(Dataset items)
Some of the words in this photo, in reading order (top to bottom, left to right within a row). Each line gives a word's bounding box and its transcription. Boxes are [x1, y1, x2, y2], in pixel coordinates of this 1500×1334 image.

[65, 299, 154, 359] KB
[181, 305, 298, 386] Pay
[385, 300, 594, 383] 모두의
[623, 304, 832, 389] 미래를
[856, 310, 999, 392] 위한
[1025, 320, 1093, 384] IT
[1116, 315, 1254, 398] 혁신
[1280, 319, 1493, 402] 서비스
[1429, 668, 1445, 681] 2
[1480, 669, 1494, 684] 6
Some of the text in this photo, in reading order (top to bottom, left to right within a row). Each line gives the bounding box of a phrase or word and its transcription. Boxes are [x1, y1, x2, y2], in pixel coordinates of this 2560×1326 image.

...

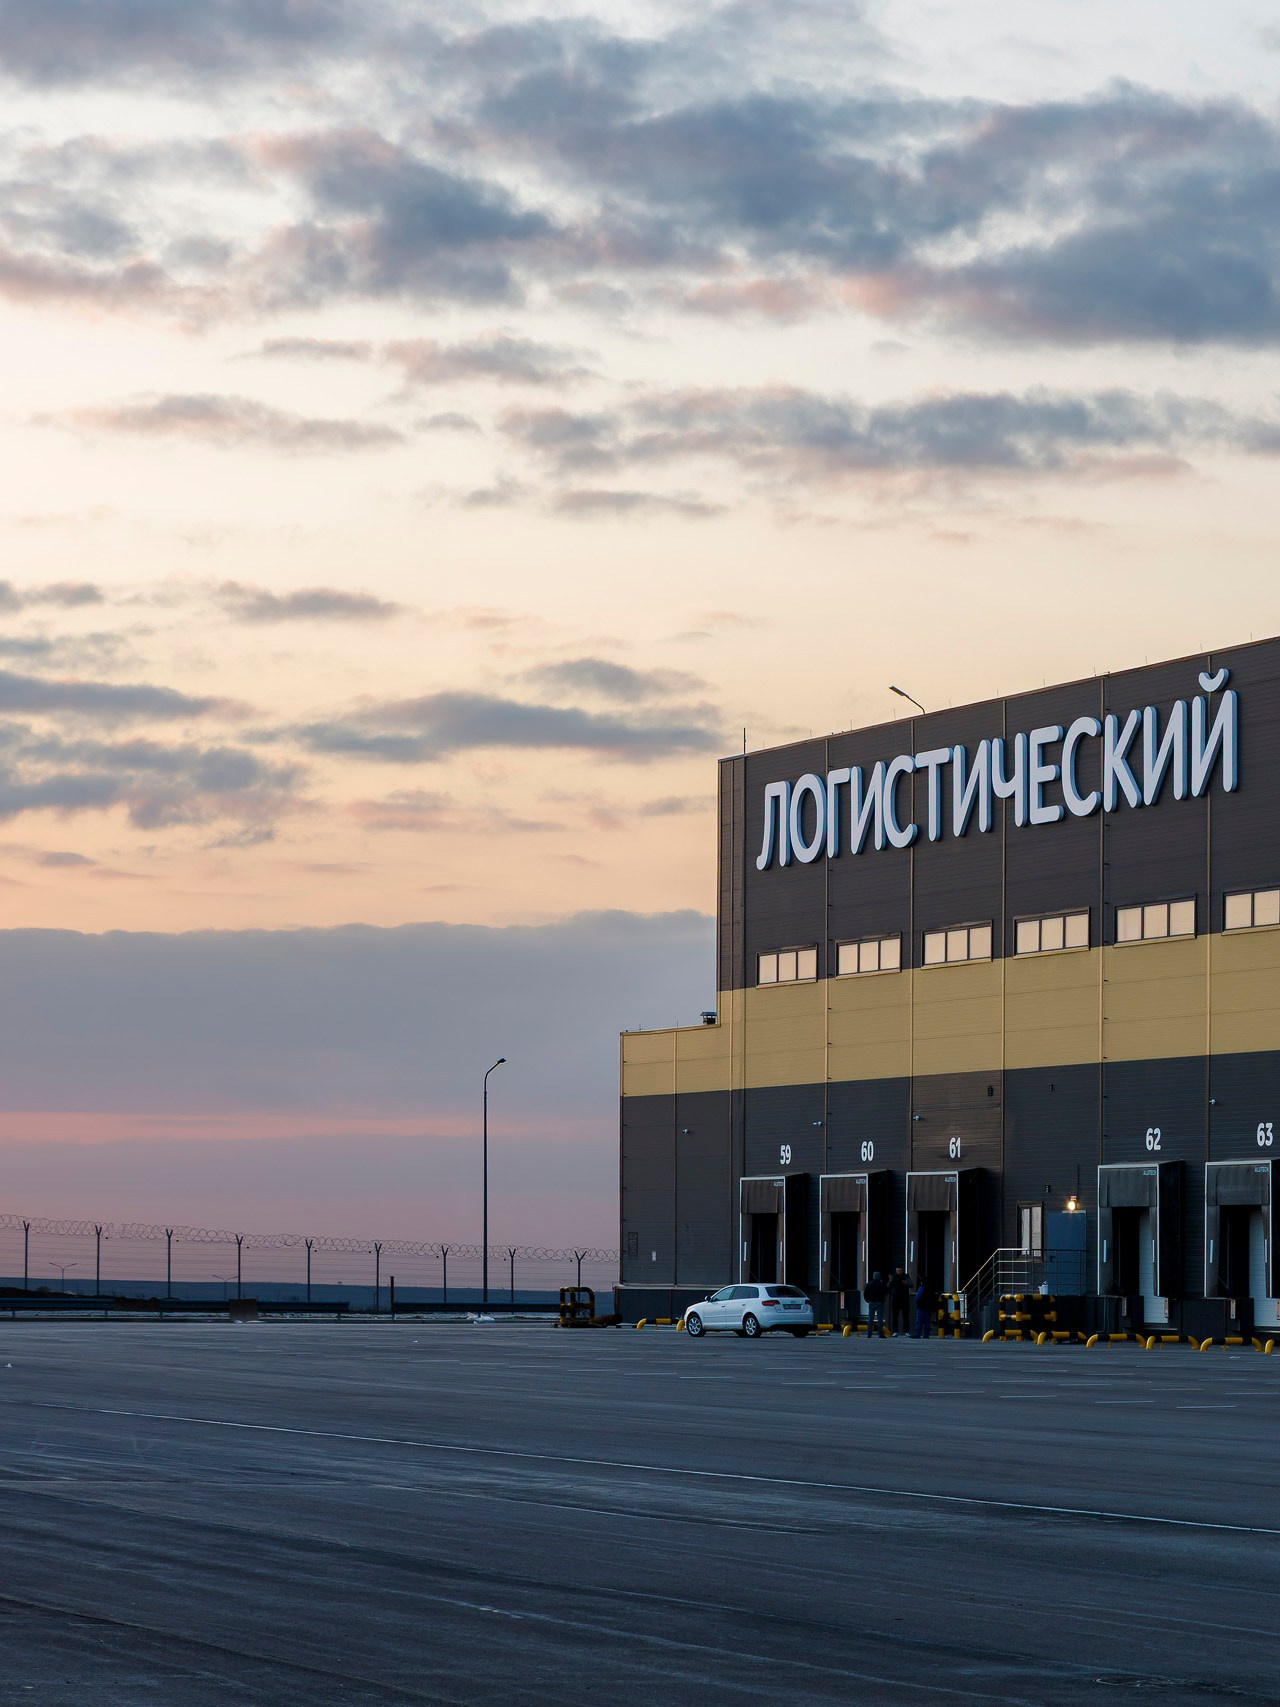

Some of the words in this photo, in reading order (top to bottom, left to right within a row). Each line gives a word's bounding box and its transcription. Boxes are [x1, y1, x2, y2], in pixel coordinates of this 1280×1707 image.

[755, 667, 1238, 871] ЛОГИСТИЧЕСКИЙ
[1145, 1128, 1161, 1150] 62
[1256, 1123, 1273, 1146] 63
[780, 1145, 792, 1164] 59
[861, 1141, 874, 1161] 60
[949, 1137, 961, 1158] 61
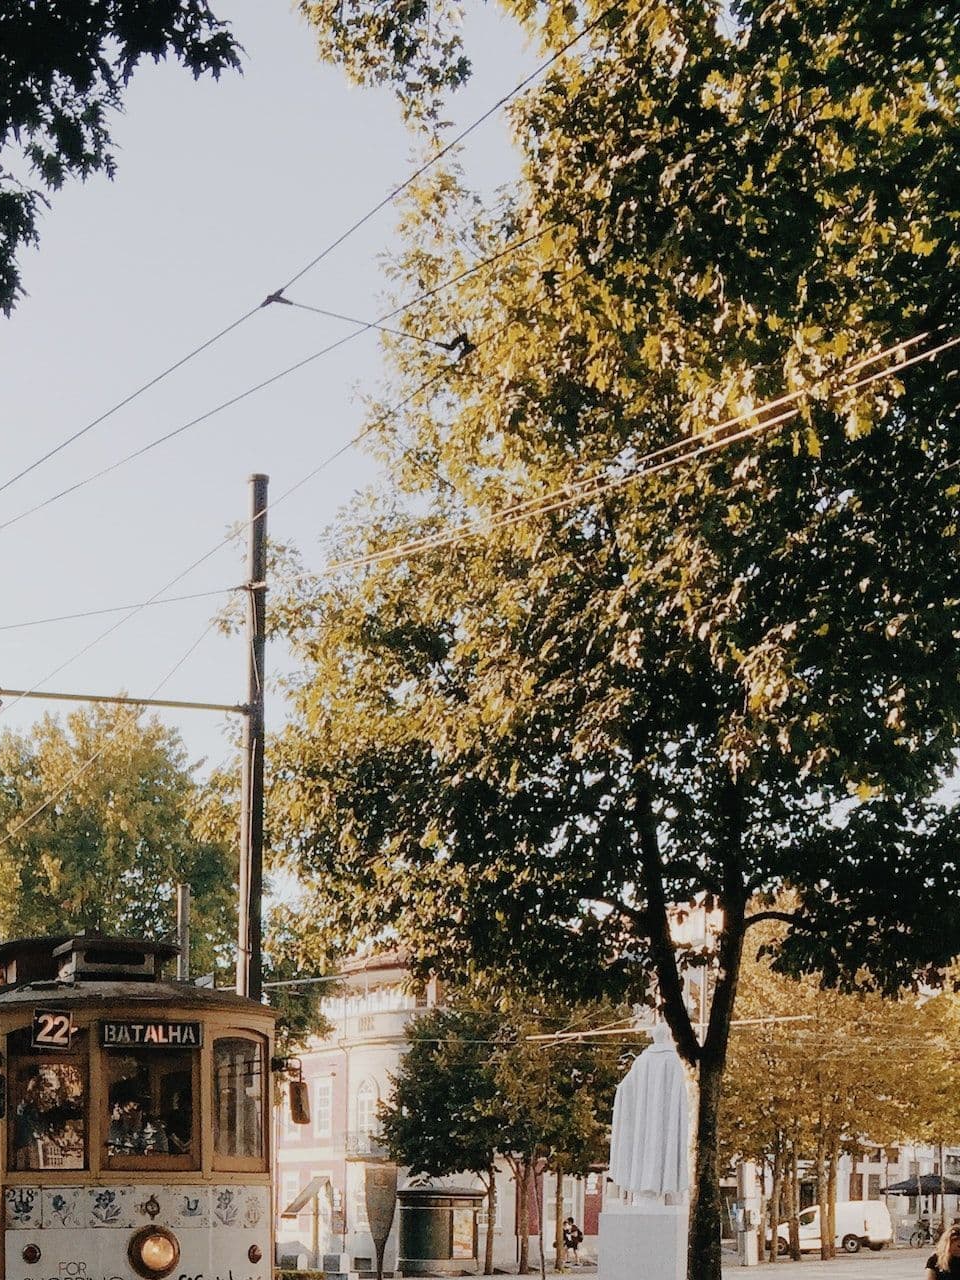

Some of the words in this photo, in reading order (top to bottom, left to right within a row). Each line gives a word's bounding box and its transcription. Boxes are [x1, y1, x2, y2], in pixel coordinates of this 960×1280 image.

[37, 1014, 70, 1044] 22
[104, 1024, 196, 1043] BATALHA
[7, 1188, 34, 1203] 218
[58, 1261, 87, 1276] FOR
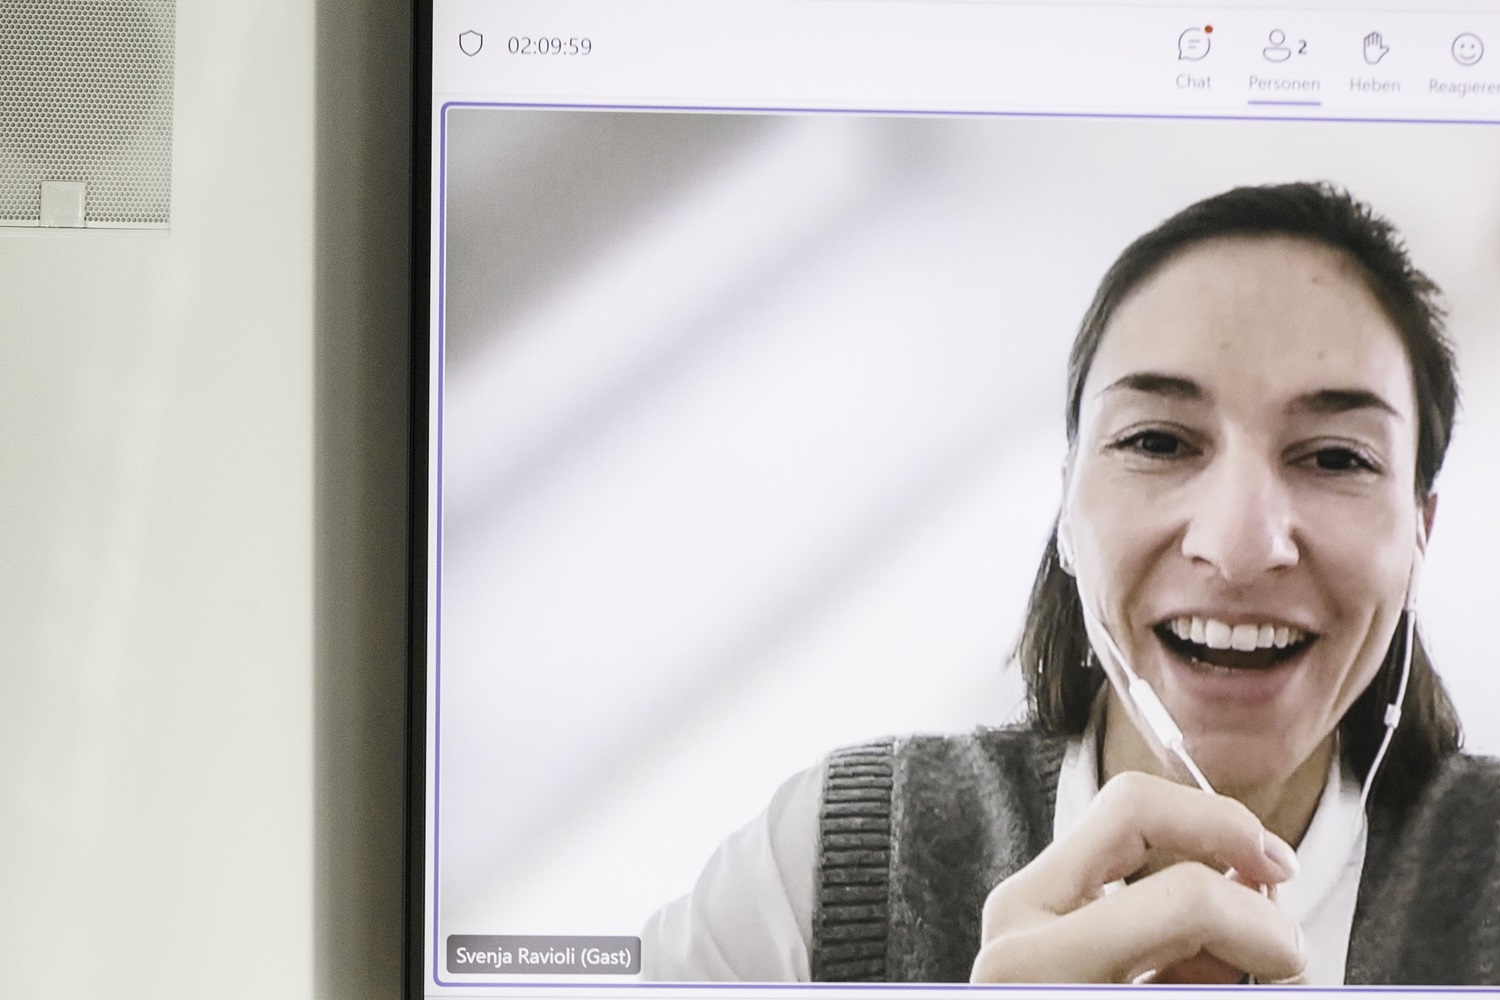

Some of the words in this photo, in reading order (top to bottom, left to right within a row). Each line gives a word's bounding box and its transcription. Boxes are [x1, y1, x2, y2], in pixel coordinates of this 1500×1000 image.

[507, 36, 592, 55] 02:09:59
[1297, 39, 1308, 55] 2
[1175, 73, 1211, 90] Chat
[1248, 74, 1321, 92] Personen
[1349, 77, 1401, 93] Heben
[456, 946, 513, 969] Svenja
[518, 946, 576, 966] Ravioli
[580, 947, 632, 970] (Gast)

---

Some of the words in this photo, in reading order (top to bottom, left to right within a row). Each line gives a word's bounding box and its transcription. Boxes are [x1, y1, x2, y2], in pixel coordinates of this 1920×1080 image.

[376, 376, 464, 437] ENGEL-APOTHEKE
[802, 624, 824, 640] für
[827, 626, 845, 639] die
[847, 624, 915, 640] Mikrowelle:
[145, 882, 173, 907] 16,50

**Directions:** Every line above from the line with "this 1500×1334 image." to the line with "Some of the text", inclusive, must be returned exactly; no other line belongs in the reply.

**Written solution:**
Some of the words in this photo, in reading order (top to bottom, left to right within a row). Each line gives a word's bounding box and its transcription. Boxes are [x1, y1, x2, y2], in pixel coordinates of this 1500×1334 image.

[65, 299, 154, 359] KB
[181, 305, 298, 386] Pay
[385, 300, 594, 383] 모두의
[623, 304, 832, 389] 미래를
[856, 310, 999, 392] 위한
[1025, 320, 1093, 384] IT
[1116, 315, 1254, 398] 혁신
[1280, 319, 1493, 402] 서비스
[1429, 668, 1445, 681] 2
[1480, 669, 1494, 684] 6
Some of the text in this photo, in reading order (top to bottom, left to right within a row). Each line gives the bounding box of a phrase or word and its transcription. Boxes are [x1, y1, x2, y2], in pixel coordinates of this 2560×1326 image.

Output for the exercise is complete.